=== Section Start ===

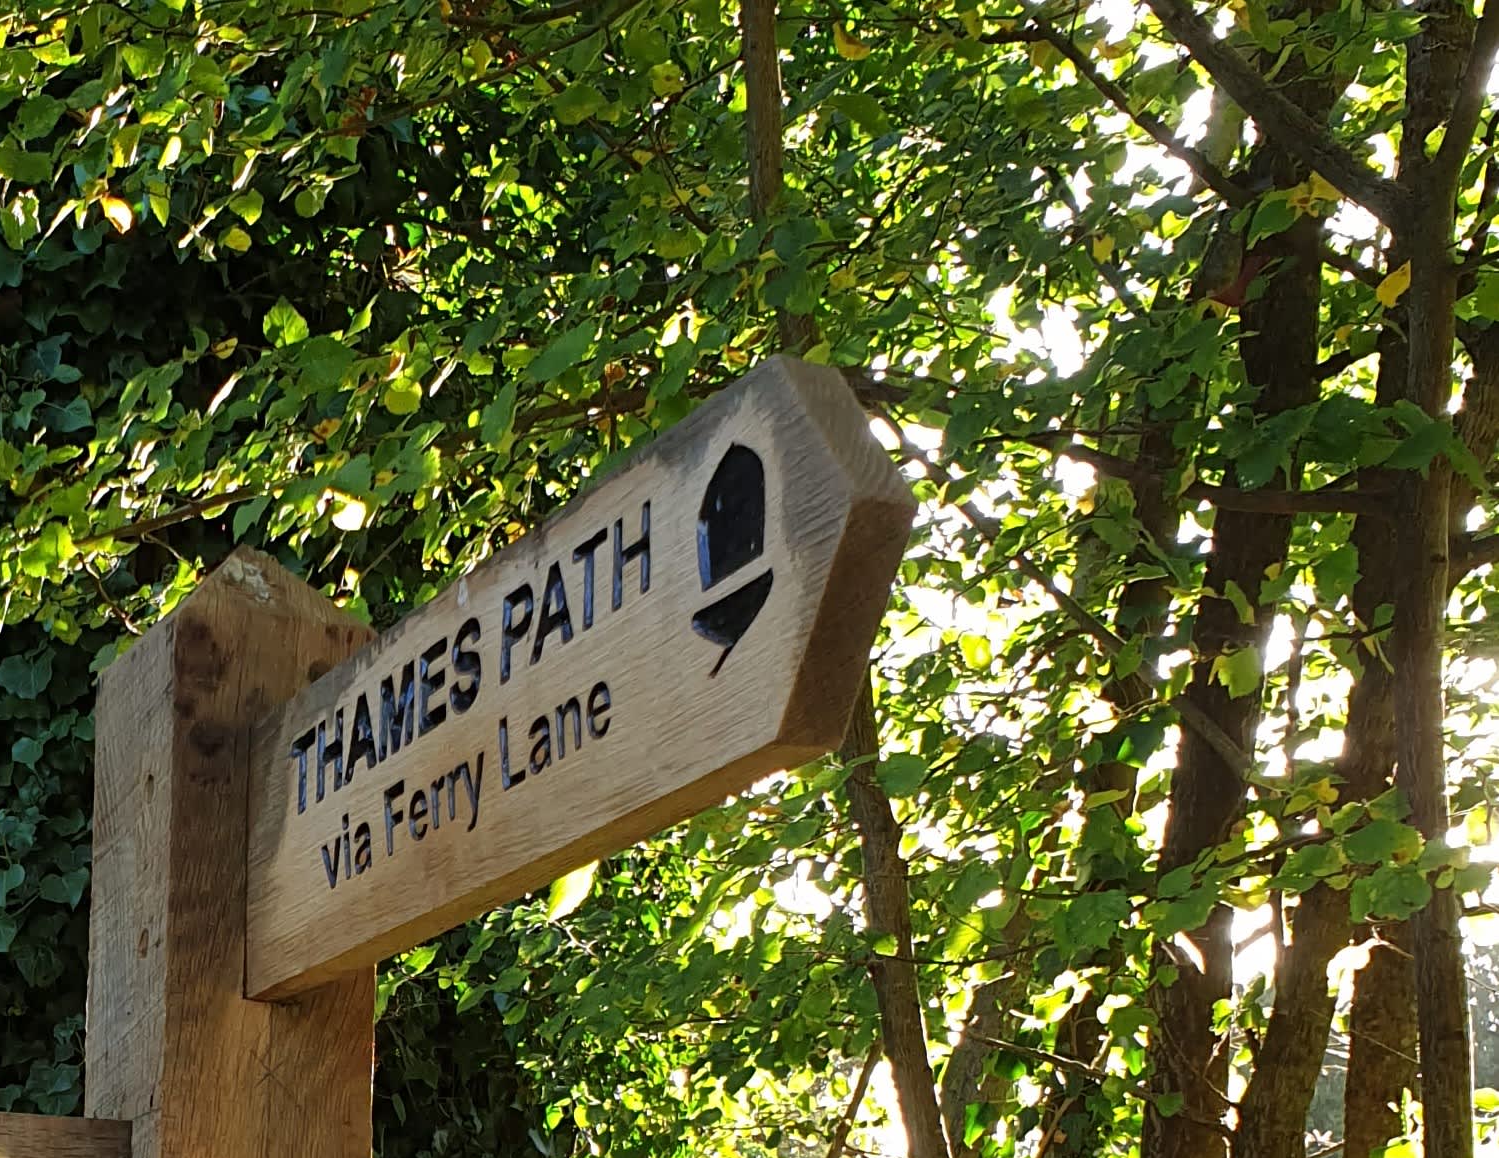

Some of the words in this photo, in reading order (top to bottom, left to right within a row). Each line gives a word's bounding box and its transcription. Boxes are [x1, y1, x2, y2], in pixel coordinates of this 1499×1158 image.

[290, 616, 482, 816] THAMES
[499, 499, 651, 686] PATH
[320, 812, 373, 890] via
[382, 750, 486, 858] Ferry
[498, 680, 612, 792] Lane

=== Section End ===

WHAT THIS TASK INVOLVES
The response has to be an exact copy of all the data, pictures excluded.

WRITTEN SOLUTION
Some of the words in this photo, in reading order (top to bottom, left to right within a row). Each line gives a word's bounding box and its transcription. Boxes are [x1, y1, x2, y2], in pixel coordinates of this 1499×1158 image.

[290, 616, 482, 816] THAMES
[499, 499, 651, 686] PATH
[320, 812, 373, 890] via
[382, 750, 486, 858] Ferry
[498, 680, 612, 792] Lane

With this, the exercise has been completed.